Our Position at Haus of Ästhetik

We support evidence-based improvements in safety.


We welcome advances in complication imaging, including ultrasound, when done by appropriately trained medical professionals, especially those with backgrounds in interventional radiology, vascular ultrasound and cross-sectional anatomy.


But we will never present ultrasound as a universal guarantee, nor will we imply that a device can replace anatomical mastery, lived clinical experience, or real emergency management.


Overall the best place to get Dermal Fillers in Derbyshire, is at a place who are trained to a high level such as the Level 7 standard in the Bakewell Clinic, who have the equipment and means to address any concerns, and are accredited by Saveface.
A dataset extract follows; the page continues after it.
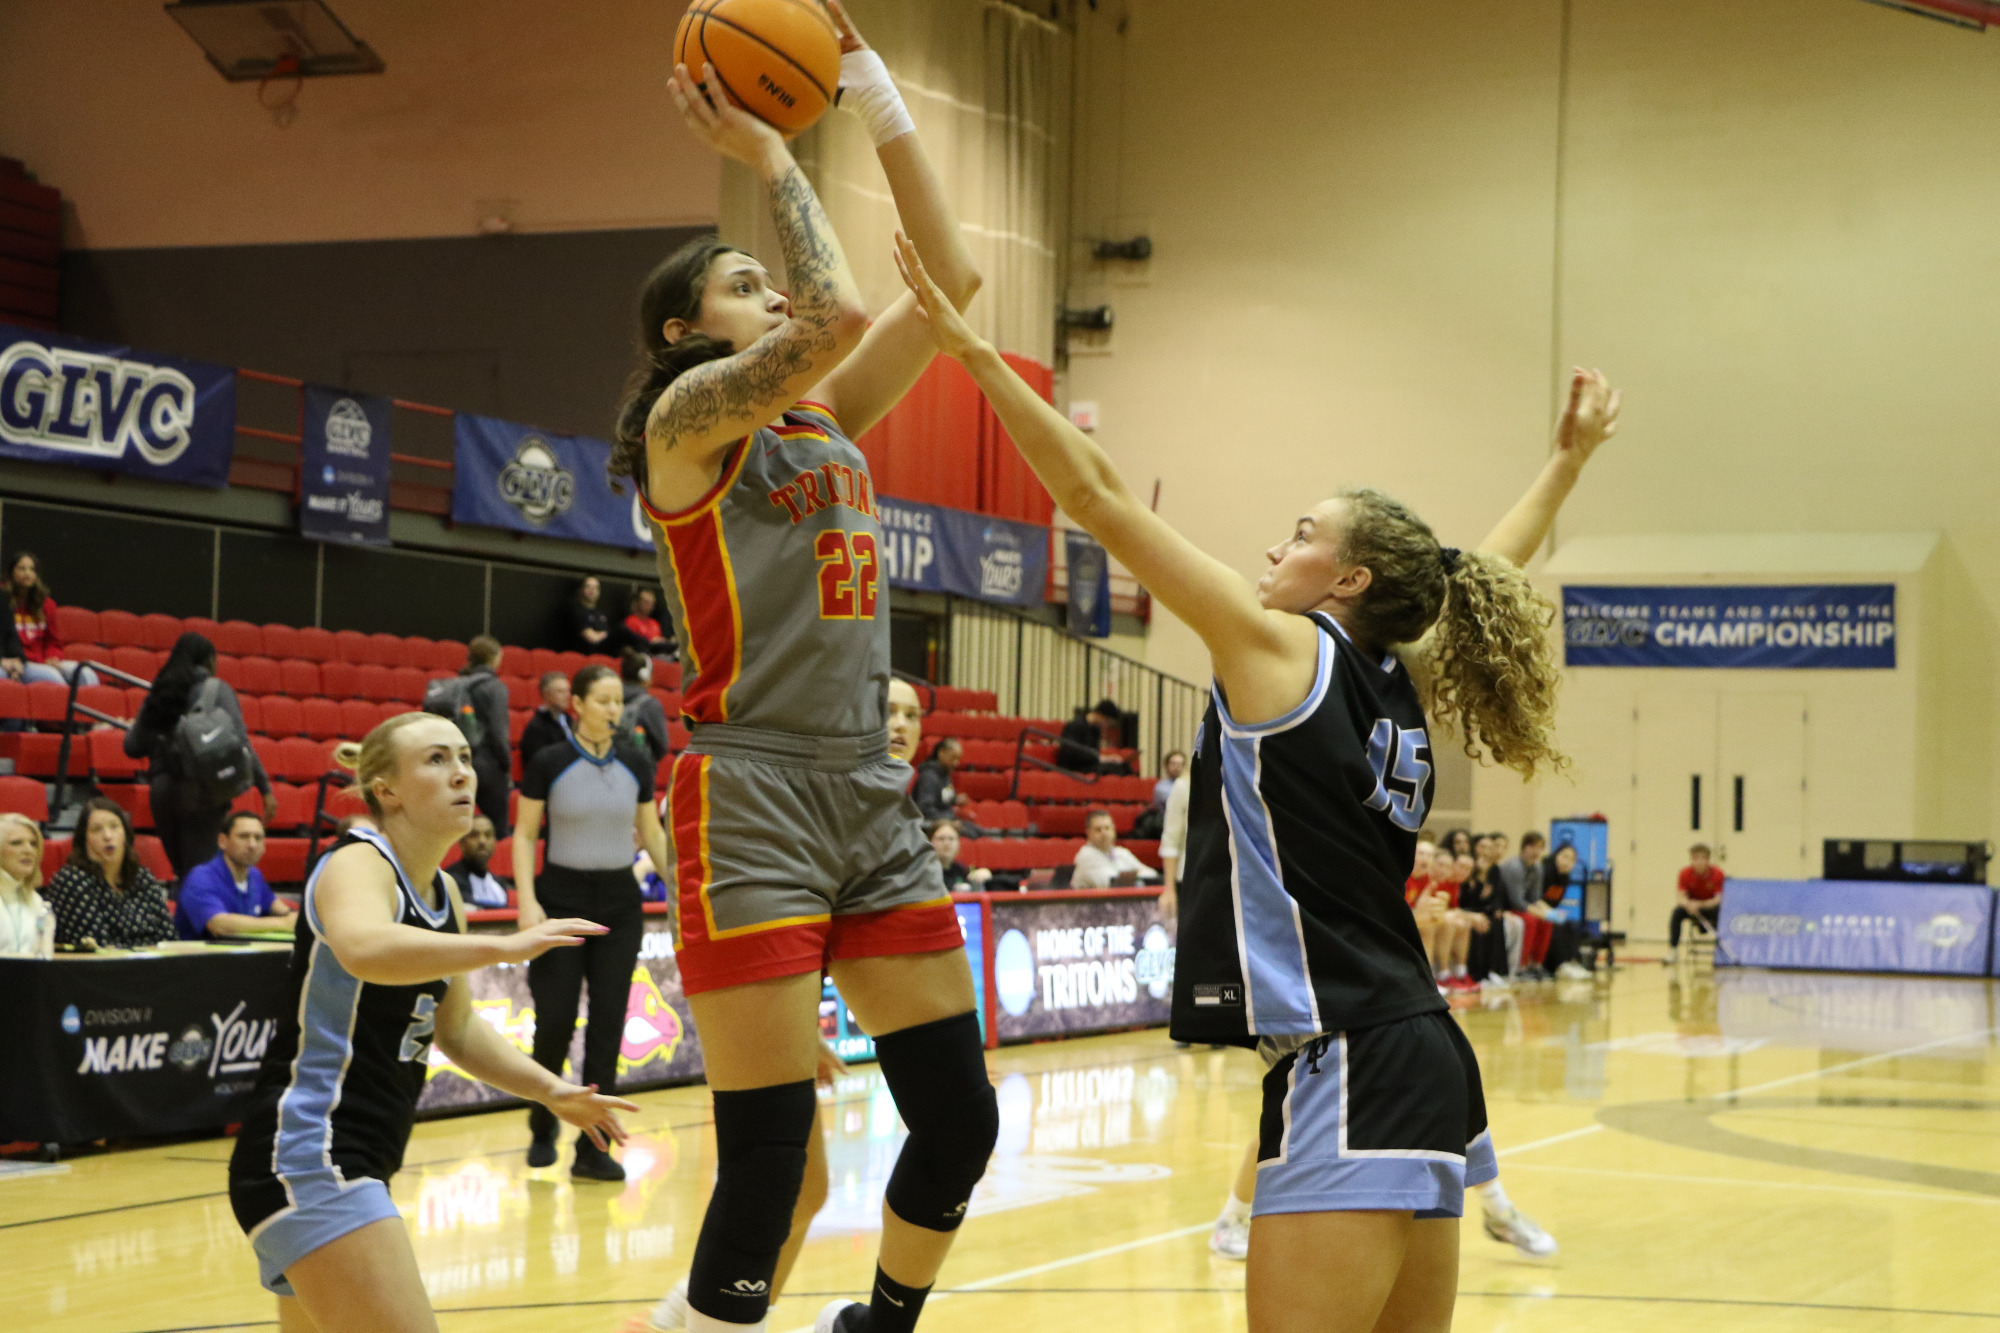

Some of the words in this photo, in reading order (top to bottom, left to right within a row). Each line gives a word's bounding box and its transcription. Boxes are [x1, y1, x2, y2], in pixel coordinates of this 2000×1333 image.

When a vascular occlusion occurs, the only correct priority is:

  • Rapid assessment + immediate hyaluronidase flooding,

  • Not delayed scanning and investigational mapping.


References

  1. Sigrist RMS et al. “Ultrasound Assessment of Dermal Filler Vascular Complications.” Presented at RSNA Annual Meeting, 2025.

  2. Casabona G. “Diagnosis and treatment of filler complications.” J Clin Aesthet Dermatol. 2020;13(8):E57-67.

  3. Funt D. “Avoidance and Management of Dermal Filler Complications.” Aesthet Surg J. 2022;42(3):NP34-45.

  4. Jalian HR et al. “Filler-Induced Vascular Compromise.” Dermatologic Surgery. 2021;47:110-120.

  5. Beleznay K et al. “Avoiding and Treating Blindness from Fillers.” Plast Reconstr Surg. 2015;137:227-236.

  6. Signorini M et al. “Global Aesthetics Consensus: Avoidance and Management of Filler Complications.” Plast Reconstr Surg. 2016;137:961-971.